De hecho, la campaña de Rubio se puso manos a la obra para pedir a los votantes donaciones de al menos $5 para seguir cobrando fuerza.

 

El diario “Des Moines Register”, el principal de Iowa, un estado clave en el proceso de primarias que arranca en febrero próximo, dio por sentado que Rubio “brilló” en el debate.

Pero fuentes allegadas a la campaña de Bush, que pidieron el anonimato, dijeron que lo único que Rubio demostró es que es ambicioso y es bueno para la retórica.

¿Futuro incierto?

Según observadores, los recortes de gastos de la campaña del exgobernador de Florida, su pobre rendimiento en los últimos tres debates, y su bajo lugar en las encuestas vaticinan un camino incierto para Bush, que pese a su apellido y un cofre electoral con casi $100 millones, no ha logrado convertirse en el “candidato inevitable” de los republicanos.

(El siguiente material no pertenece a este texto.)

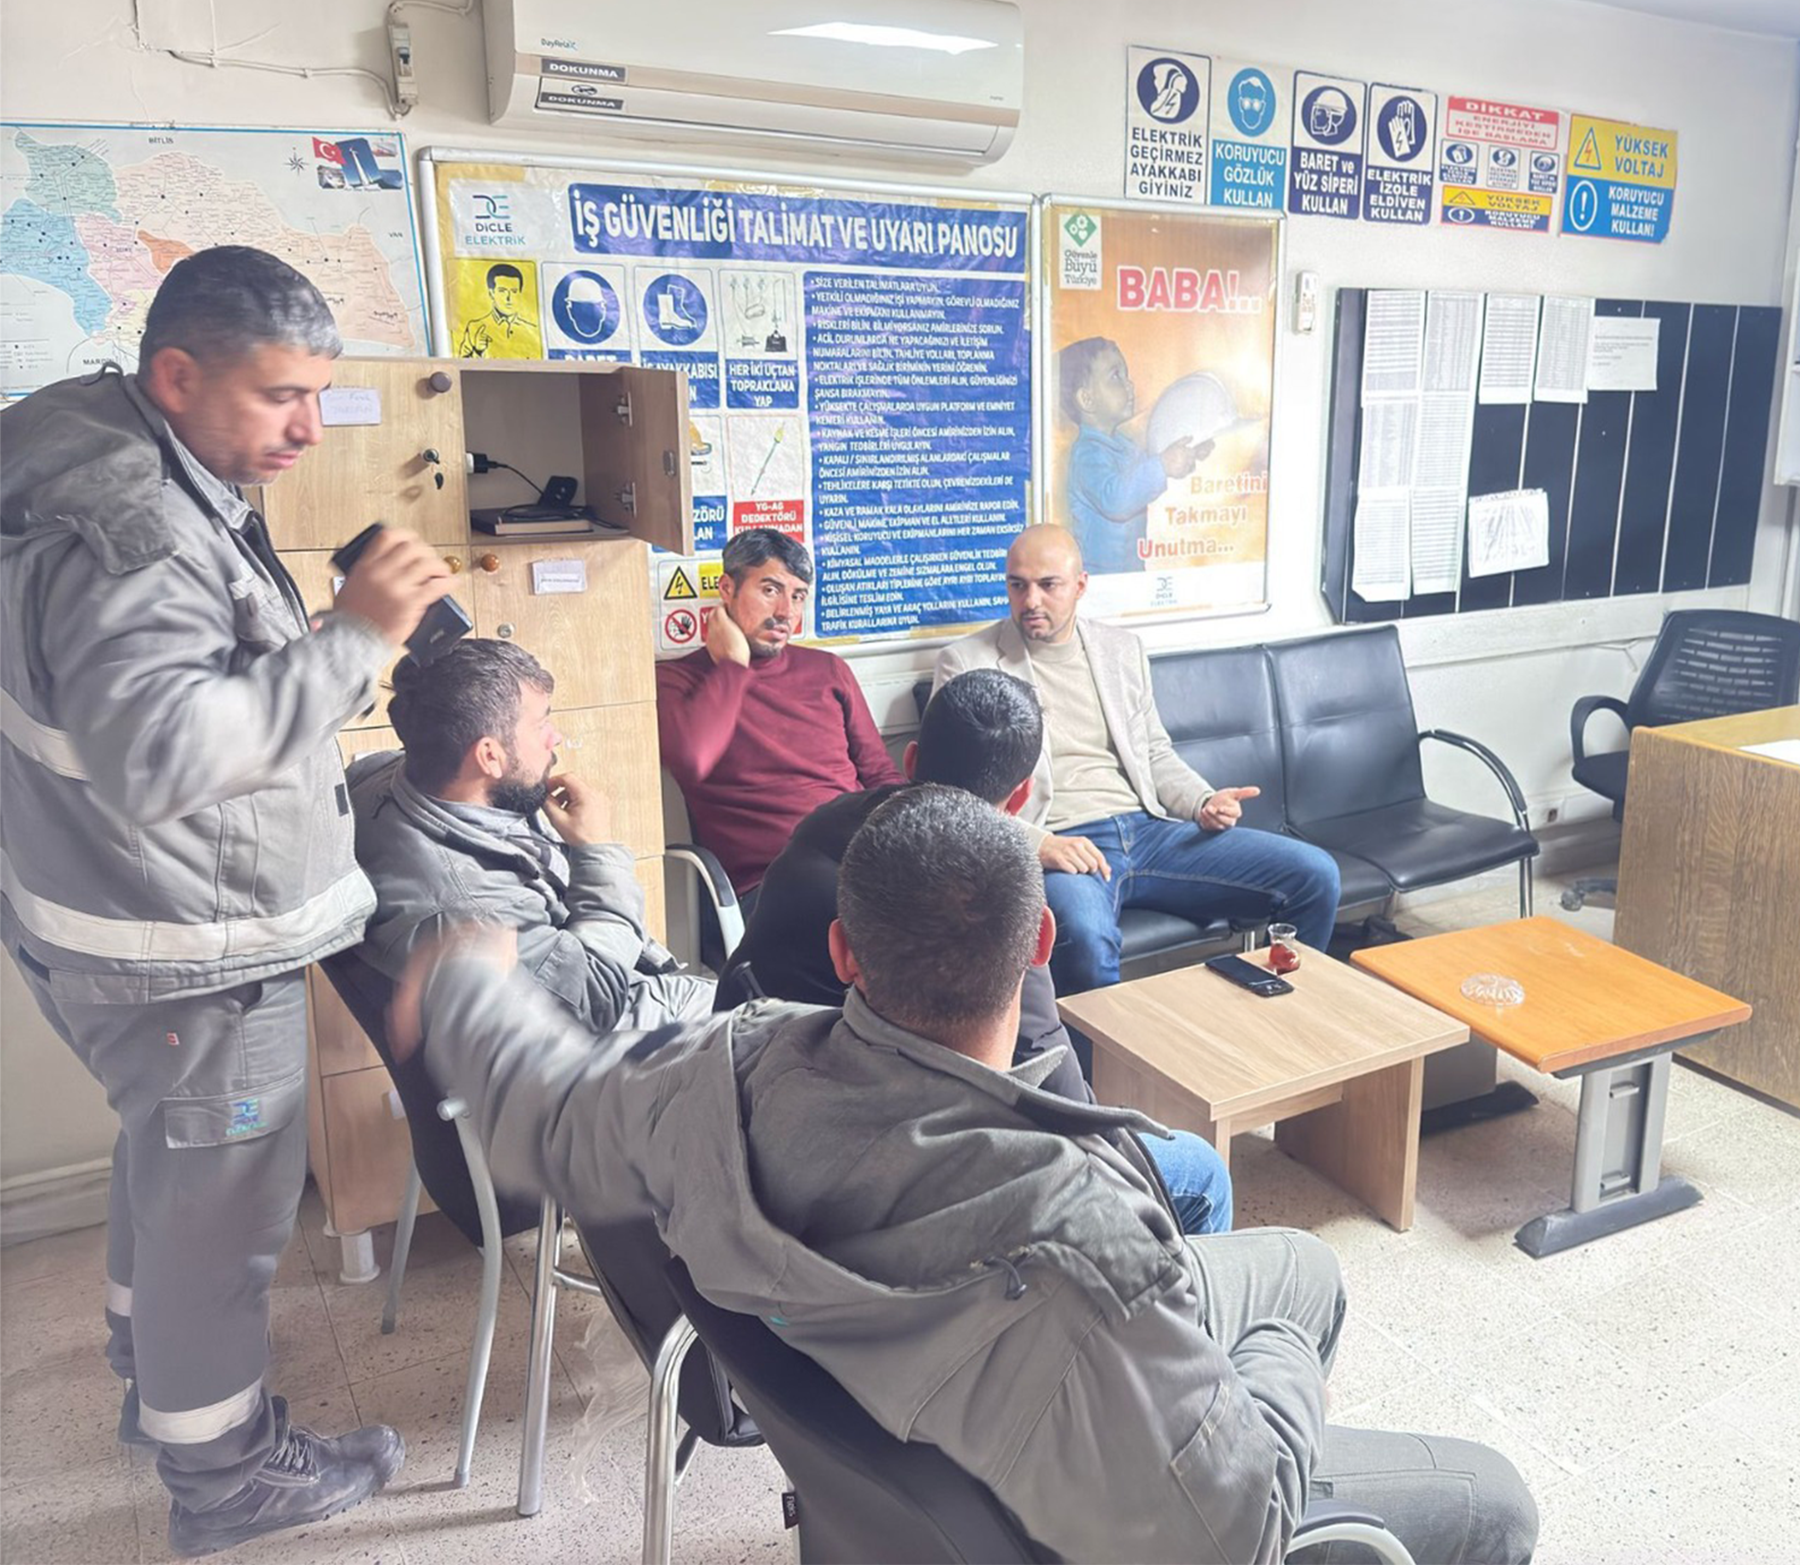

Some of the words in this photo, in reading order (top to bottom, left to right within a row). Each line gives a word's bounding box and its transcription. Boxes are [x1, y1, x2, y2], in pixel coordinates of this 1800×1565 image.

[550, 63, 618, 78] DOKUNMA
[548, 95, 616, 108] DOKUNMA
[1466, 101, 1545, 120] DİKKAT
[1132, 127, 1202, 148] ELEKTRİK
[1615, 134, 1668, 158] YÜKSEK
[1130, 144, 1202, 165] GEÇİRMEZ
[1215, 142, 1284, 165] KORUYUCU
[1301, 151, 1339, 172] BARET
[1341, 160, 1354, 174] ve
[1130, 162, 1201, 182] AYAKKABI
[1224, 163, 1274, 187] GÖZLÜK
[1367, 169, 1431, 185] ELEKTRİK
[1615, 157, 1664, 178] VOLTAJ
[1139, 178, 1192, 198] GİYİNİZ
[1294, 170, 1318, 190] YÜZ
[1321, 172, 1358, 195] SİPERİ
[1380, 181, 1418, 196] İZOLE
[1223, 188, 1273, 208] KULLAN
[1302, 194, 1348, 215] KULLAN
[1370, 194, 1425, 209] ELDİVEN
[1608, 185, 1664, 206] KORUYUCU
[1371, 207, 1423, 222] KULLAN
[1485, 209, 1540, 220] KORUYUCU
[1488, 202, 1538, 211] VOLTAJ
[1611, 202, 1658, 221] MALZEME
[475, 223, 512, 232] DİCLE
[573, 189, 600, 247] İŞ
[603, 193, 736, 243] GÜVENLİĞİ
[738, 202, 834, 248] TALİMAT
[837, 216, 868, 250] VE
[871, 218, 934, 254] UYARI
[937, 223, 1018, 258] PANOSU
[1488, 214, 1535, 225] MALZEME
[1611, 219, 1654, 237] KULLAN!
[465, 234, 526, 245] ELEKTRİK
[1065, 258, 1097, 275] Büyü
[730, 364, 749, 376] HER
[750, 361, 763, 376] İKİ
[764, 363, 795, 379] UÇTAN
[730, 379, 795, 392] TOPRAKLAMA
[753, 395, 773, 407] YAP
[1190, 471, 1267, 495] Baretini
[741, 510, 796, 523] DEDEKTÖRÜ
[1165, 506, 1246, 526] Takmayı
[1137, 538, 1234, 559] Unutma...

Consultada al respecto por este diario, una portavoz de Bush, Emily Benavides, afirmó hoy que en el debate entre los diez precandidatos, su jefe fue “el único candidato en responder de forma sustancial a las preguntas que se le hicieron”.

“El demostró una vez más que es el candidato con una verdadera política, ideas reales, y  un plan para el futuro de EEUU”, enfatizó Benavides. “Jeb demostró que tiene la experiencia y la visión para corregir los problemas que aquejan a EEUU, y eso es lo que cuenta”.

Un mensaje perdido en el ruido

Desde que anunció su candidatura, Bush ha querido hacer énfasis en su trayectoria durante sus ocho años como gobernador de Florida y, sobre todo, como “conservador reformista” capaz de ampliar a todo el país sus exitosas políticas en ese estado.

Pero ese mensaje ha quedo perdido tanto por el protagonismo que hasta ahora había mantenido Trump como por la enorme cantidad de rivales que aspiran a la nominación presidencial.

Al iniciar una gira de dos días por New Hampshire, otro estado electoral clave, Bush reiteró hoy en Twitter que en Florida logró alivios tributarios por $19,000 millones; recortes fiscales por $2,000 millones; y la creación de 1,3 nuevos empleos  netos.

En New Hampshire, donde su campaña piensa ampliar sus operaciones, Bush además consiguió el apoyo del exsenador, Judd Gregg.